┌──

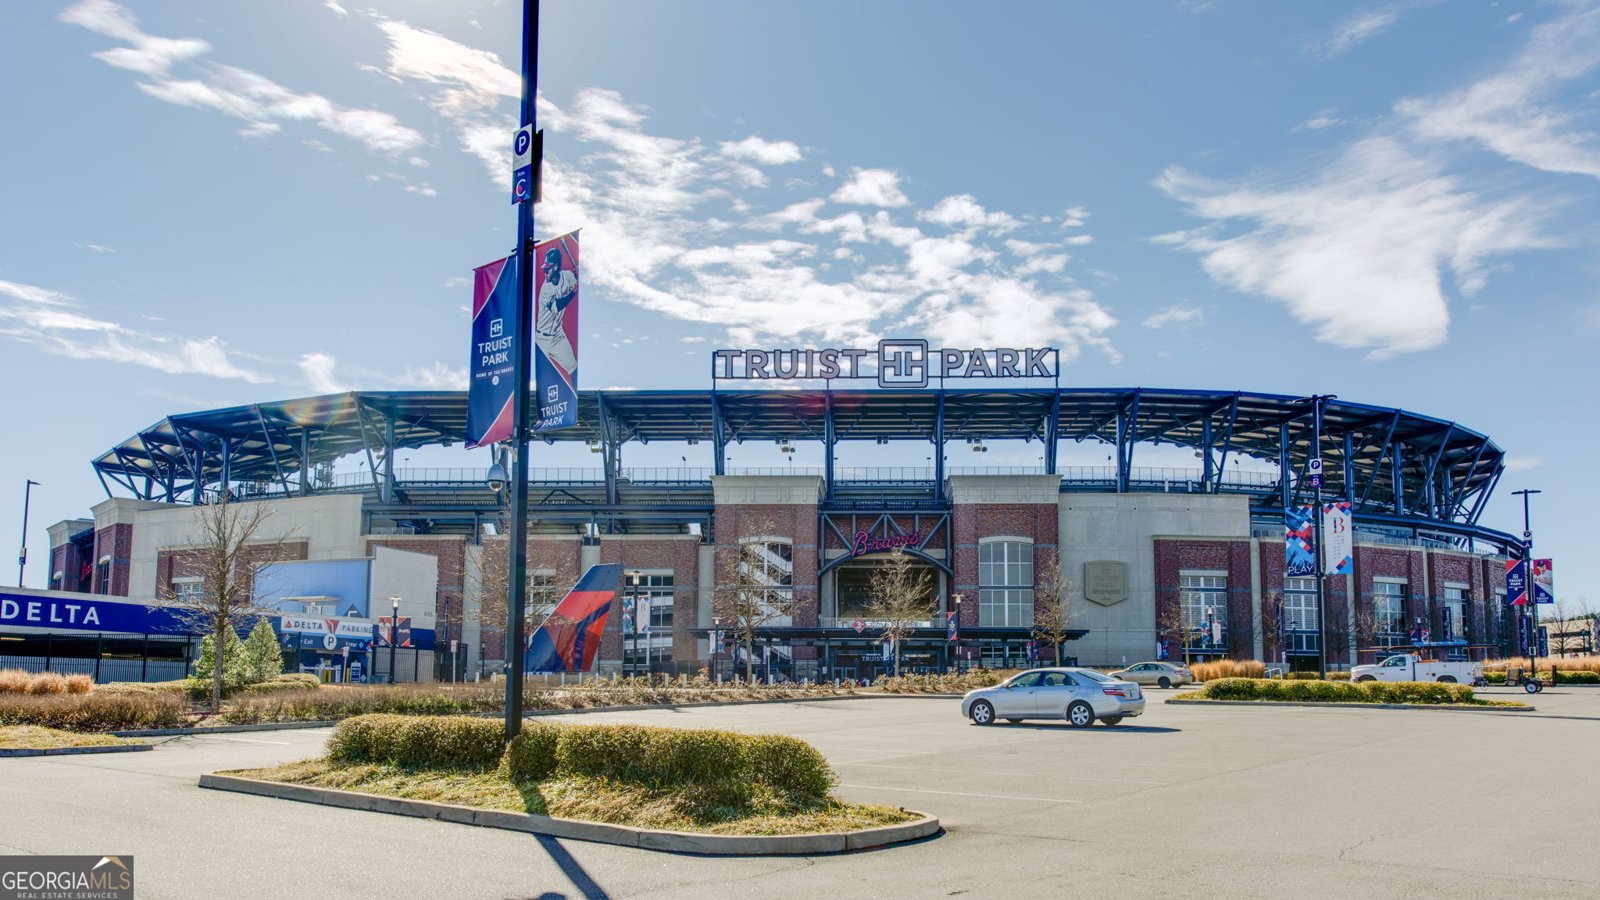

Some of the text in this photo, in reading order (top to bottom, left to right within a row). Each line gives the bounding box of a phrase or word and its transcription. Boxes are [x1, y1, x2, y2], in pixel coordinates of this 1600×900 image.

[518, 135, 527, 152] P
[516, 178, 526, 197] C
[478, 336, 513, 354] TRUIST
[482, 351, 509, 367] PARK
[717, 347, 1053, 379] TRUIST PARK
[540, 401, 568, 418] TRUIST
[541, 414, 565, 428] PARK
[1331, 516, 1345, 534] B
[851, 531, 919, 557] Braves
[1287, 565, 1314, 574] PLAY
[0, 599, 100, 625] DELTA
[294, 620, 323, 630] DELTA
[327, 636, 335, 646] P

└──

What the task asks -
Set down each entry above word for word, without its pictures.

Output -
Some of the text in this photo, in reading order (top to bottom, left to right within a row). Each line gives the bounding box of a phrase or word and its transcription. Boxes are [x1, y1, x2, y2], in pixel coordinates of this 1600×900 image.

[518, 135, 527, 152] P
[516, 178, 526, 197] C
[478, 336, 513, 354] TRUIST
[482, 351, 509, 367] PARK
[717, 347, 1053, 379] TRUIST PARK
[540, 401, 568, 418] TRUIST
[541, 414, 565, 428] PARK
[1331, 516, 1345, 534] B
[851, 531, 919, 557] Braves
[1287, 565, 1314, 574] PLAY
[0, 599, 100, 625] DELTA
[294, 620, 323, 630] DELTA
[327, 636, 335, 646] P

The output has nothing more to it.